→ Stored data entries:
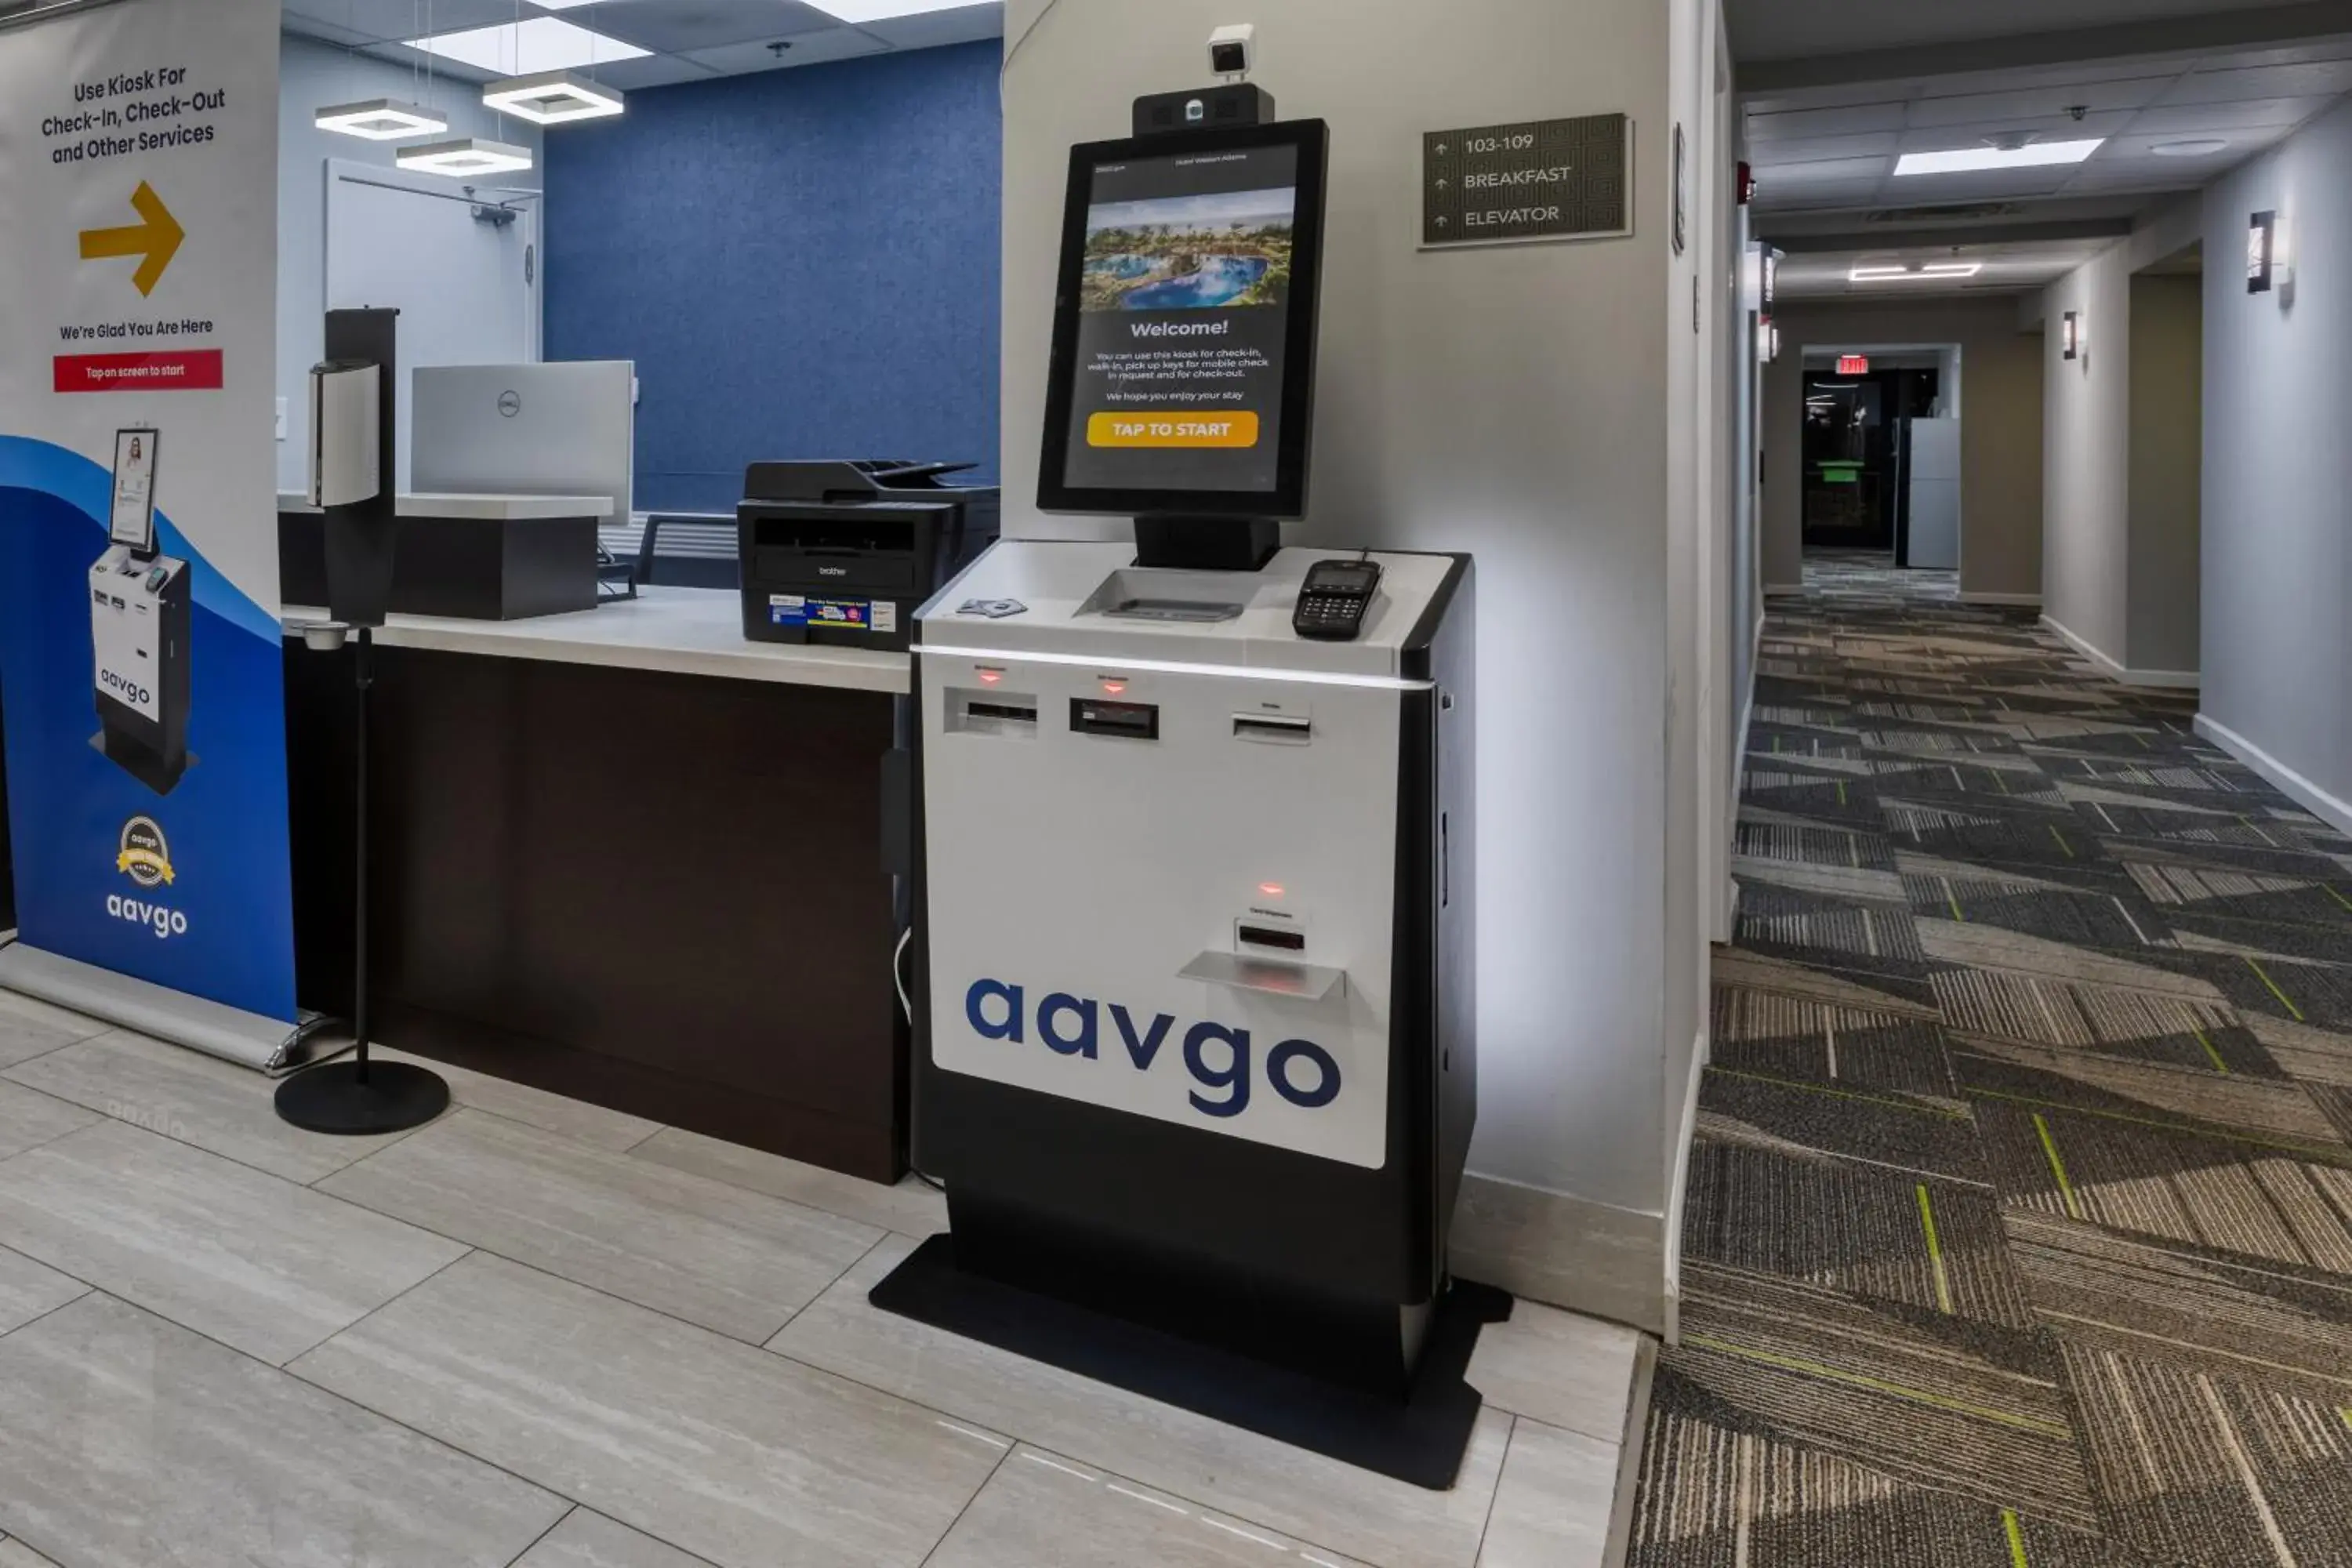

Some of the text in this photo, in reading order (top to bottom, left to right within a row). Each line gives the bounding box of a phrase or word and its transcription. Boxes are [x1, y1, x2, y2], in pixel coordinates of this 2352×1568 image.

[74, 67, 186, 102] Use Kiosk For
[42, 88, 225, 136] Check-In, Check-Out
[53, 124, 214, 163] and Other Services
[1465, 134, 1534, 154] 103-109
[1465, 165, 1571, 189] BREAKFAST
[1465, 206, 1559, 226] ELEVATOR
[60, 319, 213, 339] We're Glad You Are Here
[1131, 320, 1229, 337] Welcome!
[1125, 361, 1145, 371] pick
[1163, 361, 1184, 371] keys
[1201, 358, 1236, 368] mobile
[1238, 358, 1269, 367] check
[1134, 351, 1152, 360] use
[1153, 350, 1171, 359] this
[1173, 350, 1199, 358] kiosk
[1200, 349, 1214, 358] for
[85, 365, 185, 382] Tap on screen to start
[1119, 371, 1154, 380] request
[1177, 370, 1191, 379] for
[1106, 392, 1123, 401] We
[1123, 392, 1148, 402] hope
[1149, 393, 1167, 402] you
[1169, 392, 1196, 402] enjoy
[1198, 392, 1221, 402] your
[1112, 423, 1232, 437] TAP TO START
[101, 668, 150, 704] aavgo
[106, 894, 187, 938] aavgo
[965, 978, 1341, 1118] aavgo
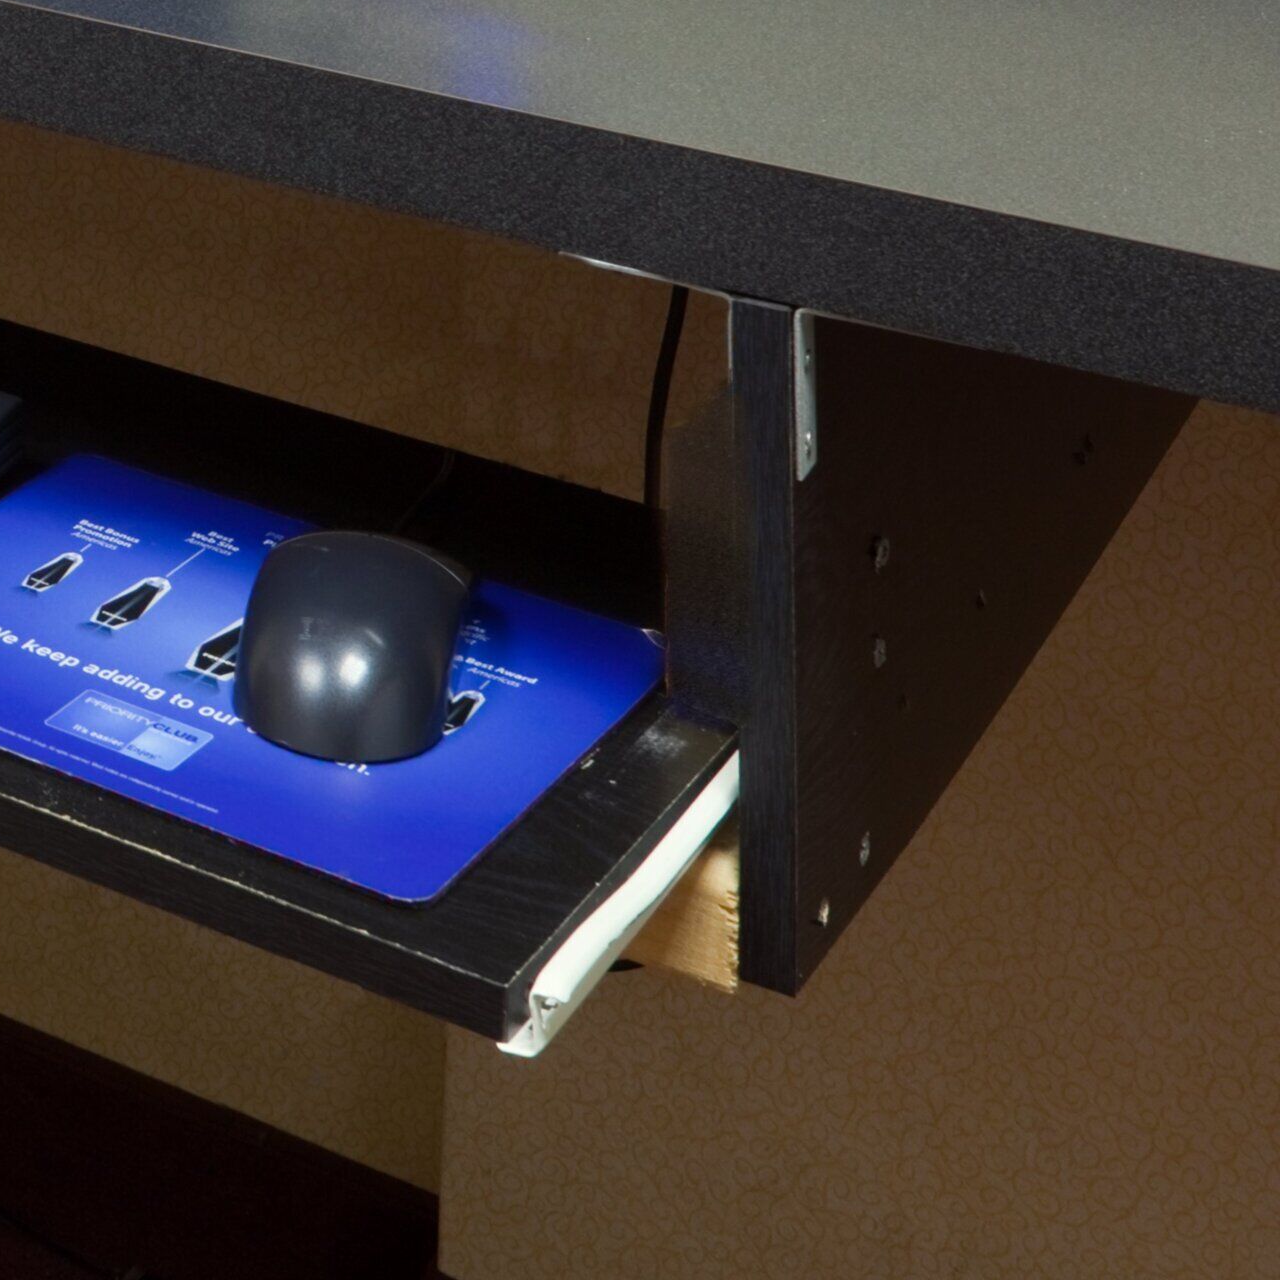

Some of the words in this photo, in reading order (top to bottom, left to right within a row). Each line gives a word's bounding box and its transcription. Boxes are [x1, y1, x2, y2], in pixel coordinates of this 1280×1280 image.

[70, 531, 118, 551] Americas
[73, 524, 132, 549] Promotion
[79, 519, 104, 534] Best
[105, 525, 141, 545] Bonus
[191, 531, 216, 544] Web
[217, 541, 240, 553] Site
[208, 530, 235, 543] Best
[184, 537, 233, 556] Americas
[465, 656, 495, 671] Best
[494, 666, 539, 685] Award
[466, 667, 521, 688] Americas
[21, 638, 80, 668] keep
[83, 661, 167, 702] adding
[170, 691, 194, 710] to
[198, 703, 243, 727] our

→ ACTION ITEM:
Output only a verbatim copy of the lines spanning from the line that contains "Some of the words" to the end of the records above.

→ WORKED SOLUTION:
Some of the words in this photo, in reading order (top to bottom, left to right within a row). Each line gives a word's bounding box and its transcription. Boxes are [x1, y1, x2, y2], in pixel coordinates of this 1280×1280 image.

[70, 531, 118, 551] Americas
[73, 524, 132, 549] Promotion
[79, 519, 104, 534] Best
[105, 525, 141, 545] Bonus
[191, 531, 216, 544] Web
[217, 541, 240, 553] Site
[208, 530, 235, 543] Best
[184, 537, 233, 556] Americas
[465, 656, 495, 671] Best
[494, 666, 539, 685] Award
[466, 667, 521, 688] Americas
[21, 638, 80, 668] keep
[83, 661, 167, 702] adding
[170, 691, 194, 710] to
[198, 703, 243, 727] our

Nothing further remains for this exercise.